So I stared at this code to figure out what it actually does. It seems
that the i915->gem.mmap_singleton pointer itself never had rcu semantics.
The i915->gem.mmap_singleton is replaced in
file->f_op->release::singleton_release():
static int singleton_release(struct inode *inode, struct file *file)
{
struct drm_i915_private *i915 = file->private_data;
cmpxchg(&i915->gem.mmap_singleton, file, NULL);
drm_dev_put(&i915->drm);
return 0;
}
The cmpxchg() is ordered against a concurrent update of
i915->gem.mmap_singleton from mmap_singleton(). IOW, when
mmap_singleton() fails to get a reference on i915->gem.mmap_singleton:
While mmap_singleton() does
rcu_read_lock();
file = get_file_rcu(&i915->gem.mmap_singleton);
rcu_read_unlock();
it allocates a new file via anon_inode_getfile() and does
smp_store_mb(i915->gem.mmap_singleton, file);
So, then what happens in the case of this bug is that at some point
fput() is called and drops the file->f_count to zero leaving the pointer
in i915->gem.mmap_singleton in tact.
Now, there might be delays until
file->f_op->release::singleton_release() is called and
i915->gem.mmap_singleton is set to NULL.
Say concurrently another task hits mmap_singleton() and does:
rcu_read_lock();
file = get_file_rcu(&i915->gem.mmap_singleton);
rcu_read_unlock();
When get_file_rcu() fails to get a reference via atomic_inc_not_zero()

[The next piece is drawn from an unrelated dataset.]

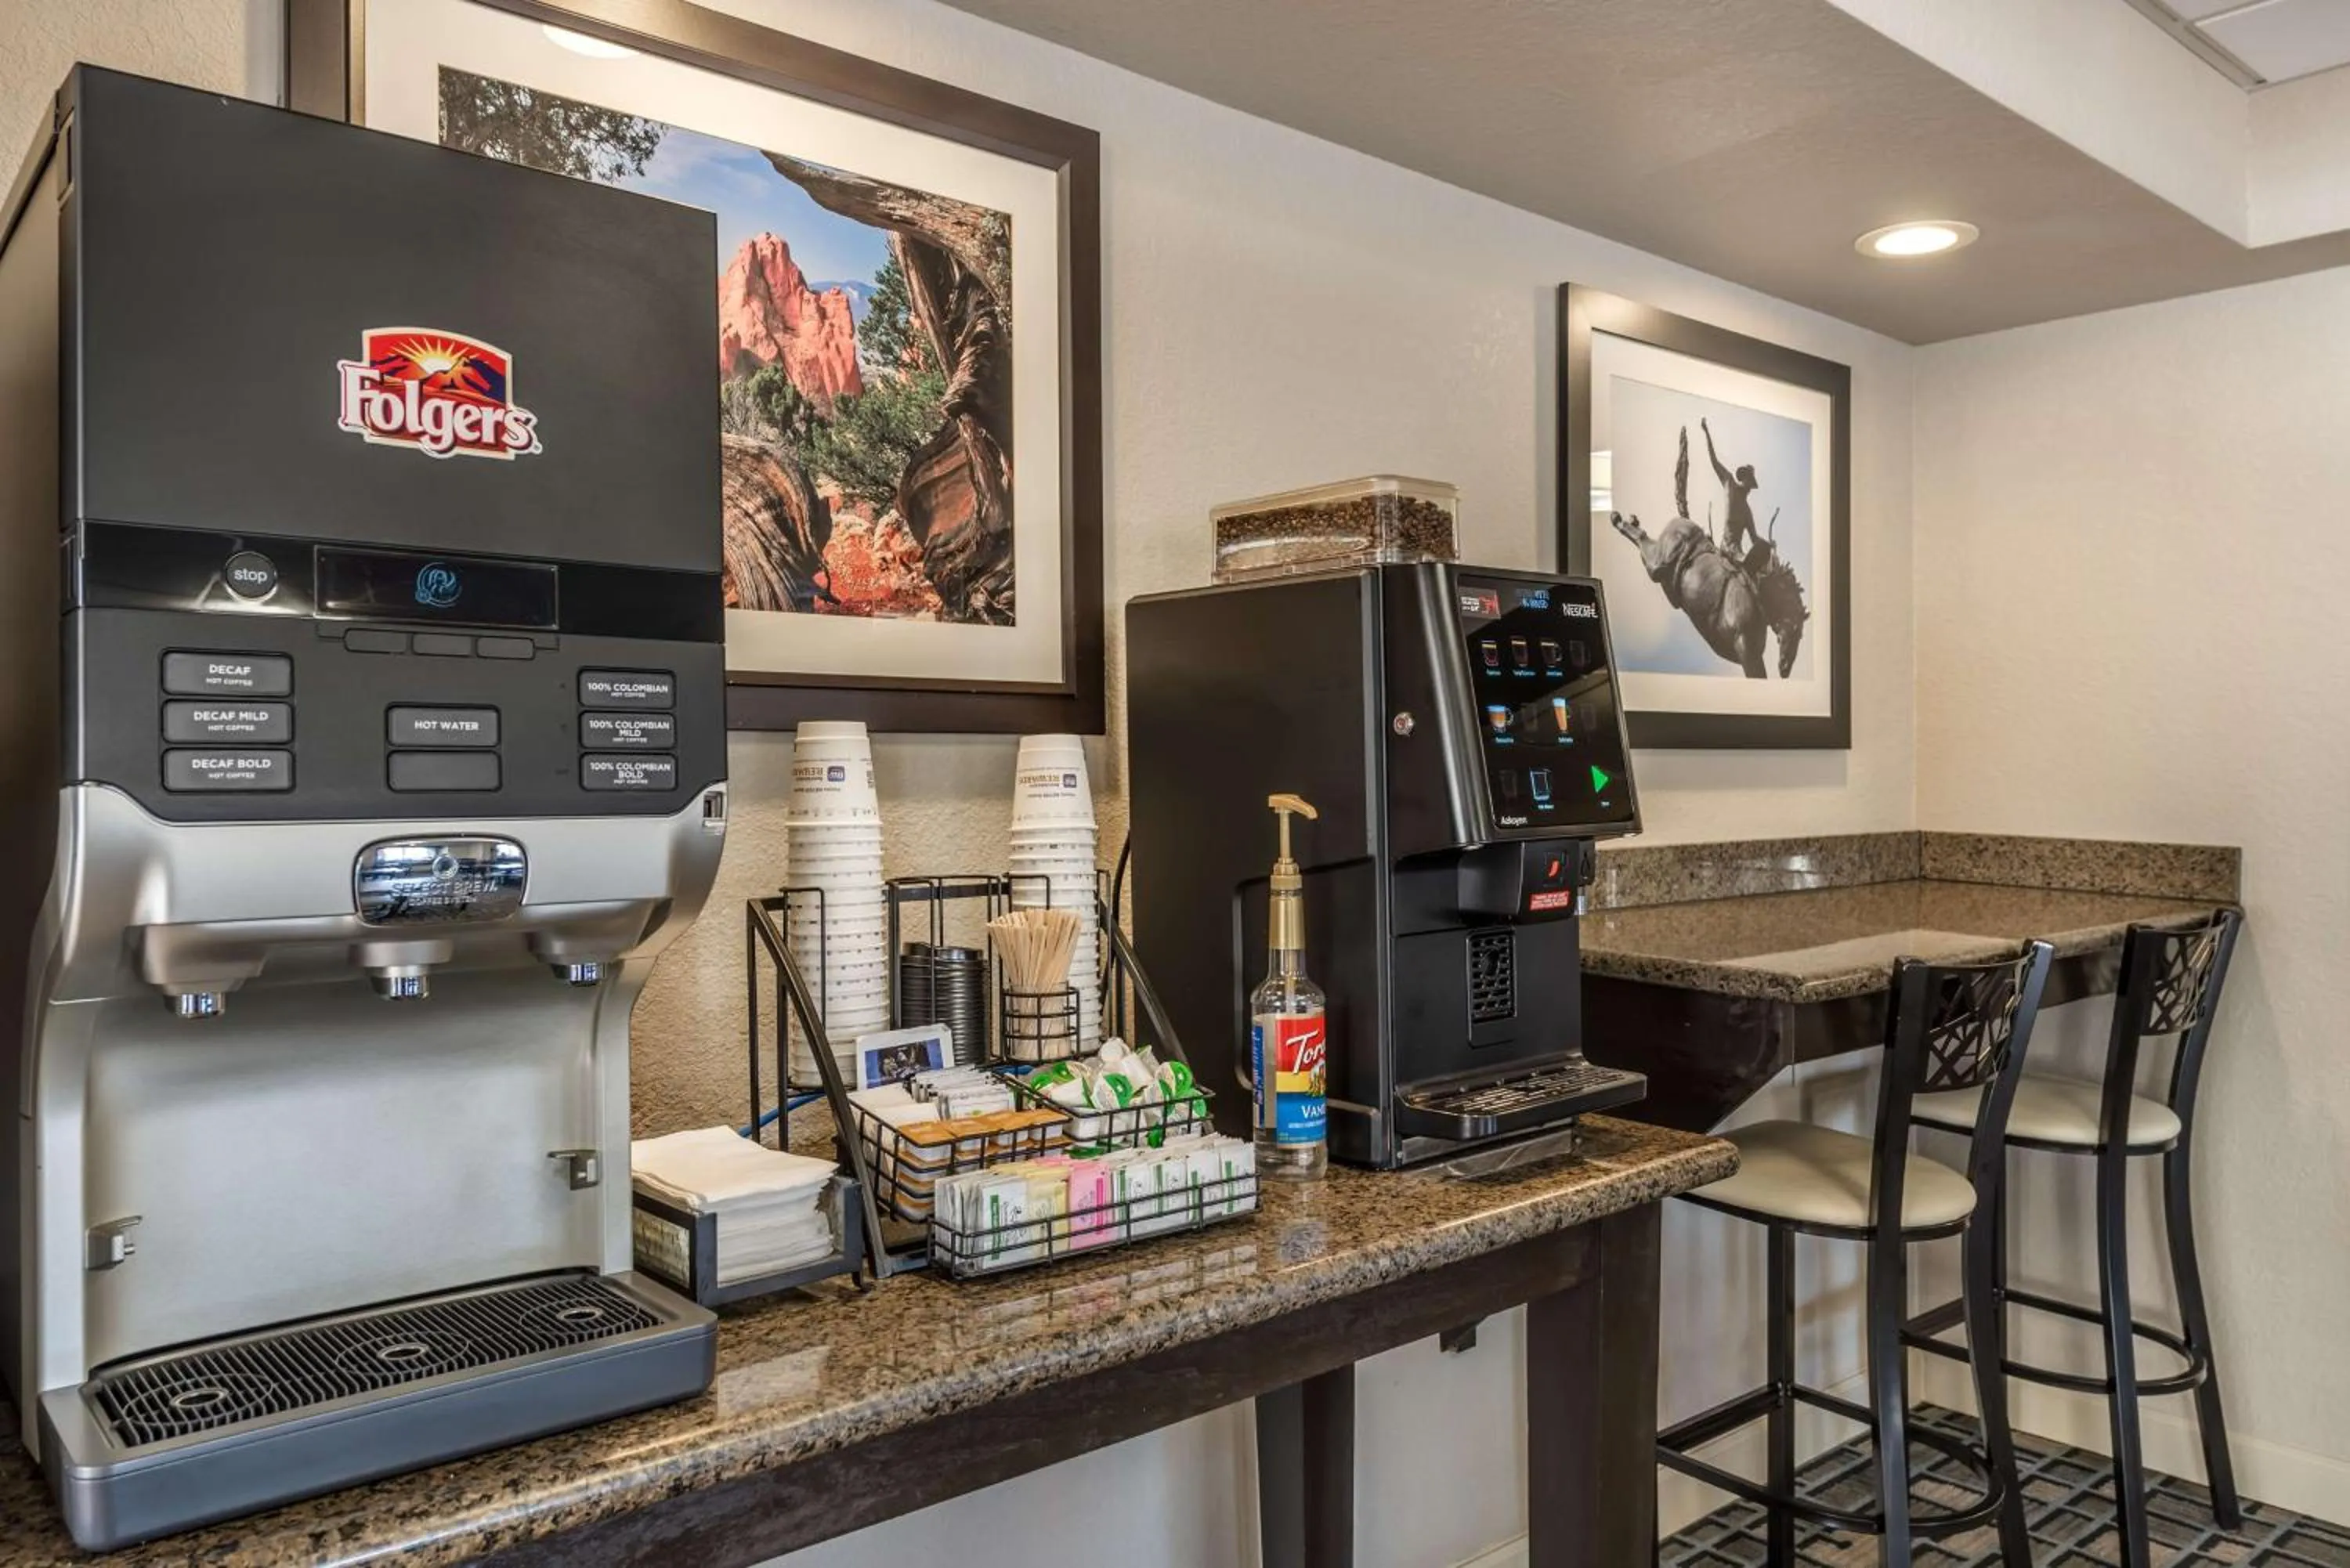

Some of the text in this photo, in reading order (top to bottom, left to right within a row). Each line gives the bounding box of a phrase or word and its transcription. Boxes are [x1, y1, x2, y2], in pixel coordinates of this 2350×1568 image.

it will try the reload from i915->gem.mmap_singleton expecting it to be
NULL, assuming it has comparable semantics as we expect in
__fget_files_rcu().
But it hasn't so it reloads the same pointer again, trying the same
atomic_inc_not_zero() again and doing so until
file->f_op->release::singleton_release() of the old file has been
called.
So, in contrast to __fget_files_rcu() here we want to not retry when
atomic_inc_not_zero() has failed. We only want to retry in case we
managed to get a reference but the pointer did change on reload.

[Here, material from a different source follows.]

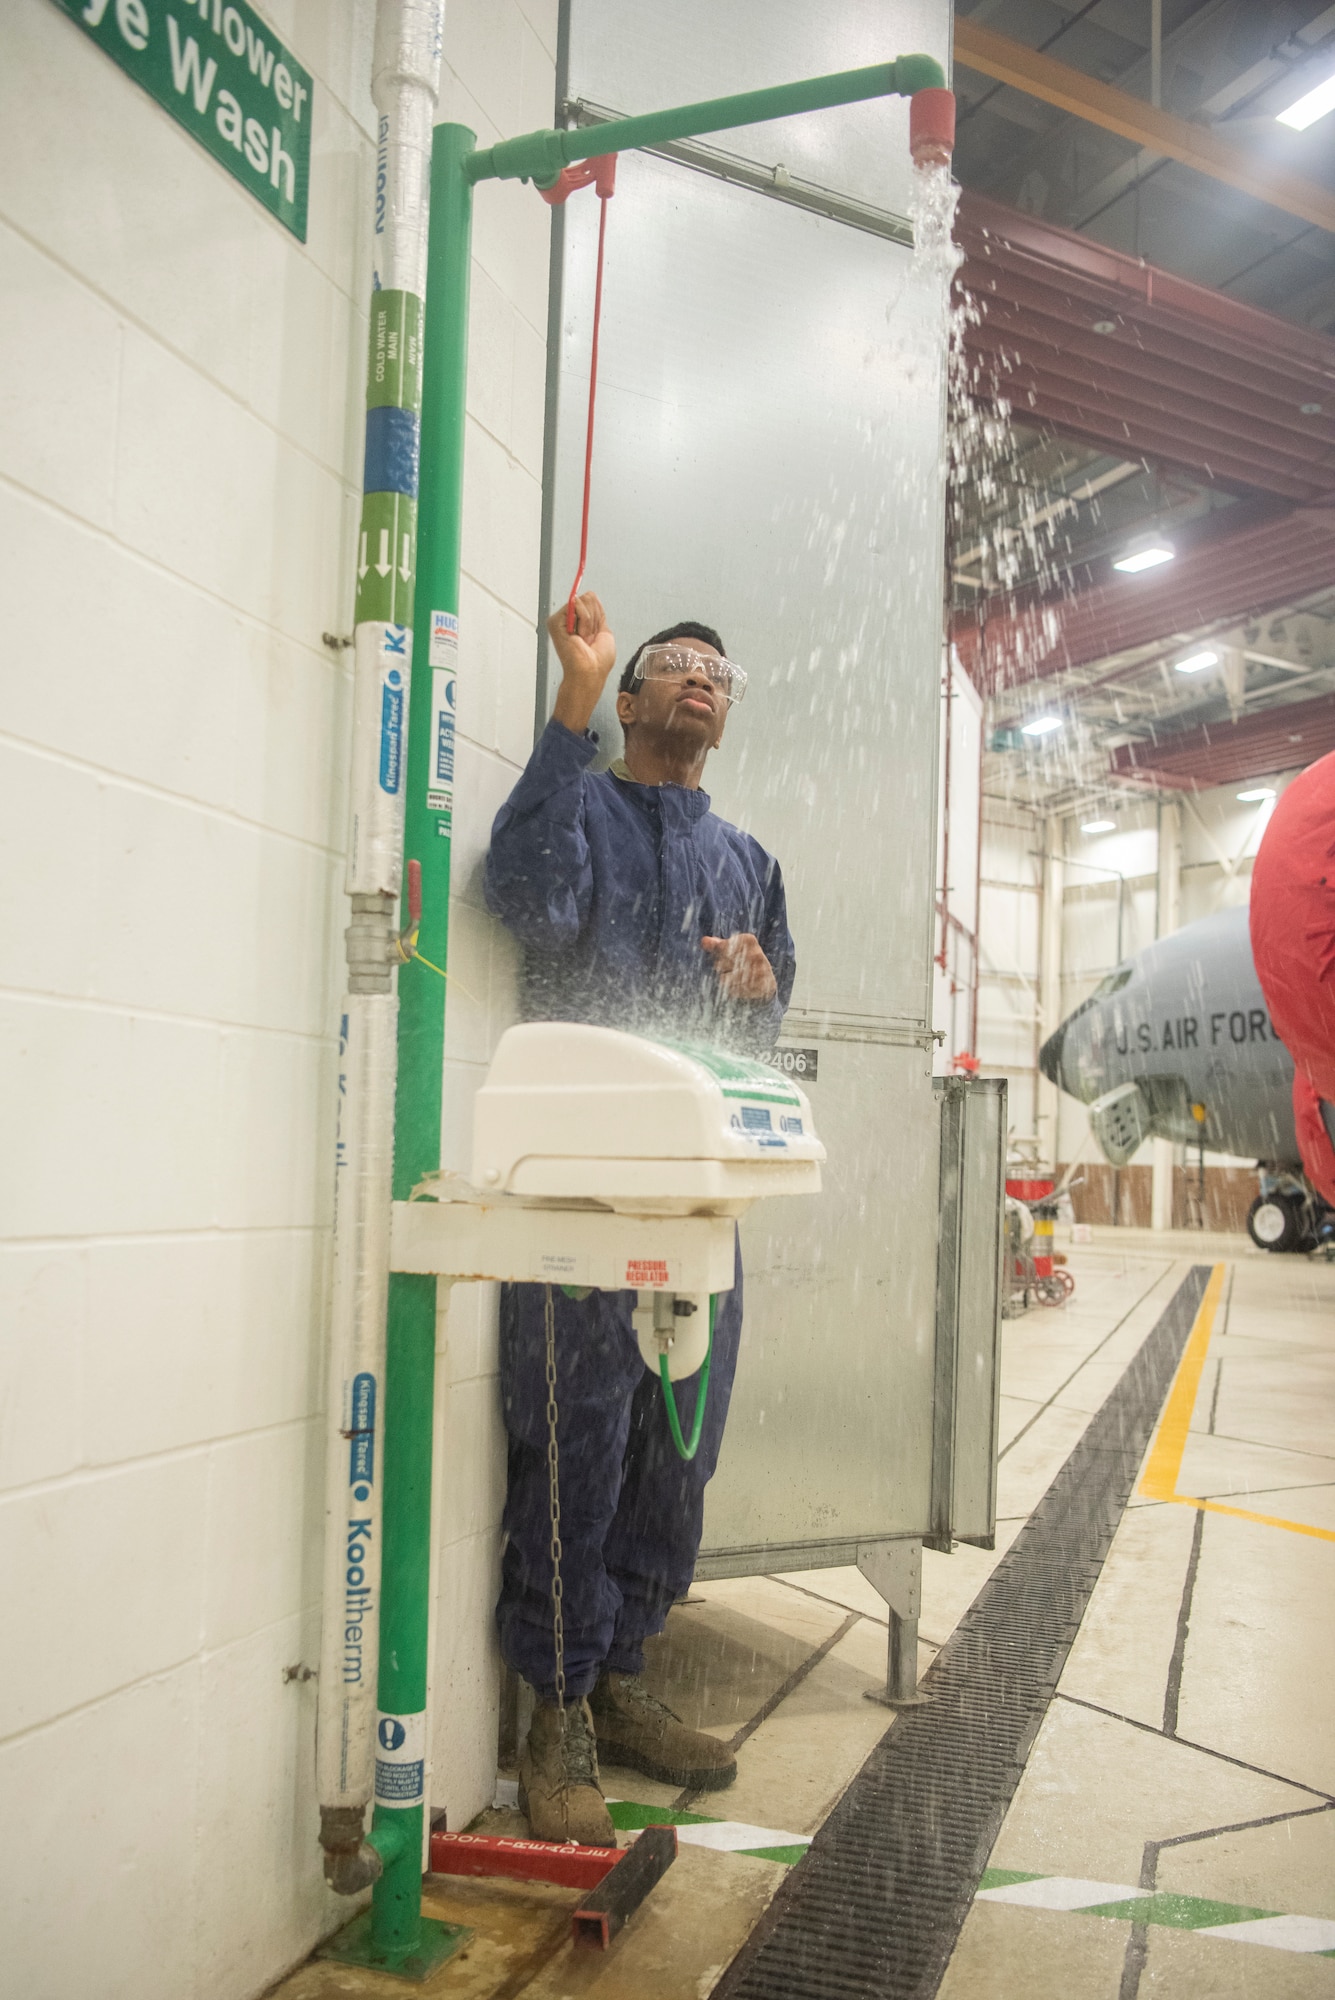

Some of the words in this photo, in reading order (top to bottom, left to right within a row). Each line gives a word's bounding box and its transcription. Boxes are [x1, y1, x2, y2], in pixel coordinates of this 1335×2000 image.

<3> [511.395679] rcu: INFO: rcu_preempt detected stalls on CPUs/tasks:
<3> [511.395716] rcu: Tasks blocked on level-1 rcu_node (CPUs 0-9): P6238
<3> [511.395934] rcu: (detected by 16, t=65002 jiffies, g=123977, q=439 ncpus=20)
<6> [511.395944] task:i915_selftest state:R running task stack:10568 pid:6238 tgid:6238 ppid:1001 flags:0x00004002
<6> [511.395962] Call Trace:
<6> [511.395966] <TASK>
<6> [511.395974] ? __schedule+0x3a8/0xd70
<6> [511.395995] ? asm_sysvec_apic_timer_interrupt+0x1a/0x20
<6> [511.396003] ? lockdep_hardirqs_on+0xc3/0x140
<6> [511.396013] ? asm_sysvec_apic_timer_interrupt+0x1a/0x20
<6> [511.396029] ? get_file_rcu+0x10/0x30
<6> [511.396039] ? get_file_rcu+0x10/0x30
<6> [511.396046] ? i915_gem_object_mmap+0xbc/0x450 [i915]
<6> [511.396509] ? i915_gem_mmap+0x272/0x480 [i915]
<6> [511.396903] ? mmap_region+0x253/0xb60
<6> [511.396925] ? do_mmap+0x334/0x5c0
<6> [511.396939] ? vm_mmap_pgoff+0x9f/0x1c0
<6> [511.396949] ? rcu_is_watching+0x11/0x50
<6> [511.396962] ? igt_mmap_offset+0xfc/0x110 [i915]
<6> [511.397376] ? __igt_mmap+0xb3/0x570 [i915]
<6> [511.397762] ? igt_mmap+0x11e/0x150 [i915]
<6> [511.398139] ? __trace_bprintk+0x76/0x90
<6> [511.398156] ? __i915_subtests+0xbf/0x240 [i915]
<6> [511.398586] ? __pfx___i915_live_setup+0x10/0x10 [i915]
<6> [511.399001] ? __pfx___i915_live_teardown+0x10/0x10 [i915]
<6> [511.399433] ? __run_selftests+0xbc/0x1a0 [i915]
<6> [511.399875] ? i915_live_selftests+0x4b/0x90 [i915]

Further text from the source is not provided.